Annotated photo localization data:
== Segment start ==

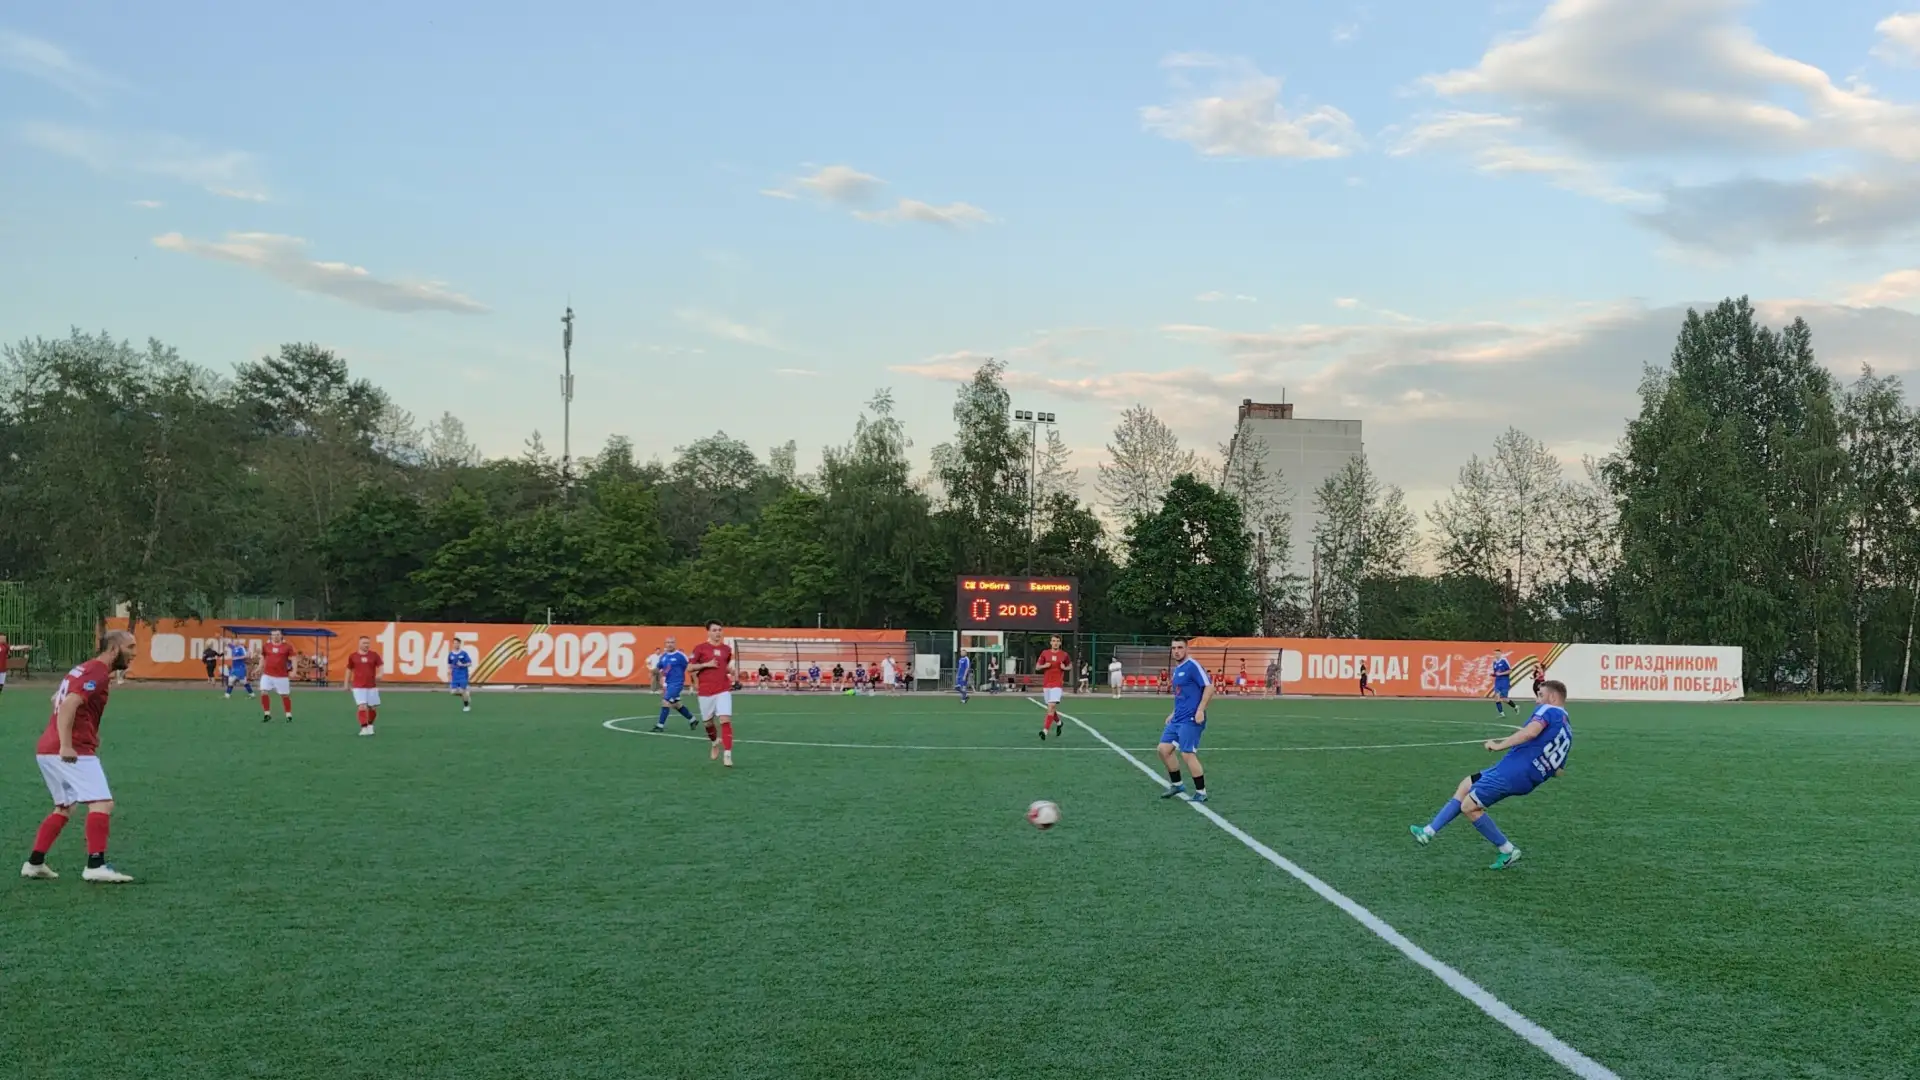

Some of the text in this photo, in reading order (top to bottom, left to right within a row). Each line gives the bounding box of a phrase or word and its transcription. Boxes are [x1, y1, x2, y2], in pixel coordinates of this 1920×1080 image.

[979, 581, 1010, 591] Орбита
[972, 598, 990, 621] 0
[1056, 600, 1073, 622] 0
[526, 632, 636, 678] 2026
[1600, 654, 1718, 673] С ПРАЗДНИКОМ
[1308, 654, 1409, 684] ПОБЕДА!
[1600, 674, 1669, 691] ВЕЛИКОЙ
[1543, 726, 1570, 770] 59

== Segment end ==

_BRIEF_
When an image appears in the data, skip it and output the rest exactly.

_ANSWER BOX_
Some of the text in this photo, in reading order (top to bottom, left to right within a row). Each line gives the bounding box of a phrase or word and its transcription. Boxes are [x1, y1, x2, y2], in pixel coordinates of this 1920×1080 image.

[979, 581, 1010, 591] Орбита
[972, 598, 990, 621] 0
[1056, 600, 1073, 622] 0
[526, 632, 636, 678] 2026
[1600, 654, 1718, 673] С ПРАЗДНИКОМ
[1308, 654, 1409, 684] ПОБЕДА!
[1600, 674, 1669, 691] ВЕЛИКОЙ
[1543, 726, 1570, 770] 59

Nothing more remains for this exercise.